(Records drawn from a dataset):
■ ■ ■ ■

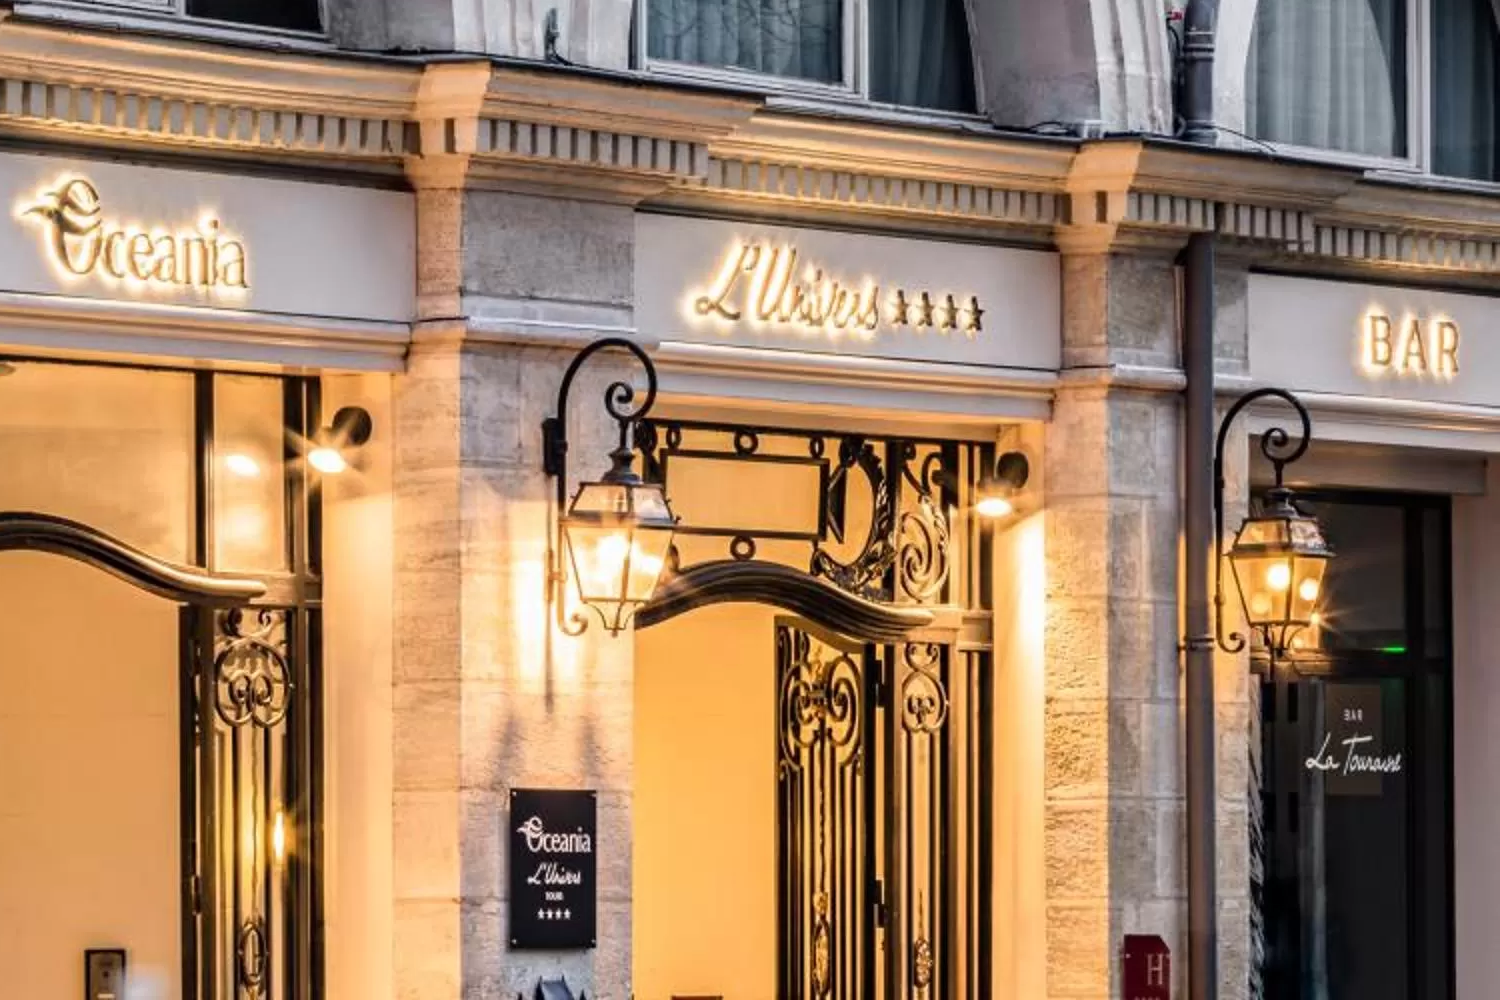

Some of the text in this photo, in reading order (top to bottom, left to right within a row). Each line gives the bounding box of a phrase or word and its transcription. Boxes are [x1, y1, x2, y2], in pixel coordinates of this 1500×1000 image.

[21, 178, 251, 290] Oceania
[695, 244, 880, 331] L'Univers
[1368, 314, 1460, 374] BAR
[1304, 731, 1341, 770] La
[516, 815, 592, 853] Oceania

■ ■ ■ ■

(Task brief): Please set down each line of the data above exactly as written, without the pictures.

(Completed exercise):
Some of the text in this photo, in reading order (top to bottom, left to right within a row). Each line gives the bounding box of a phrase or word and its transcription. Boxes are [x1, y1, x2, y2], in pixel coordinates of this 1500×1000 image.

[21, 178, 251, 290] Oceania
[695, 244, 880, 331] L'Univers
[1368, 314, 1460, 374] BAR
[1304, 731, 1341, 770] La
[516, 815, 592, 853] Oceania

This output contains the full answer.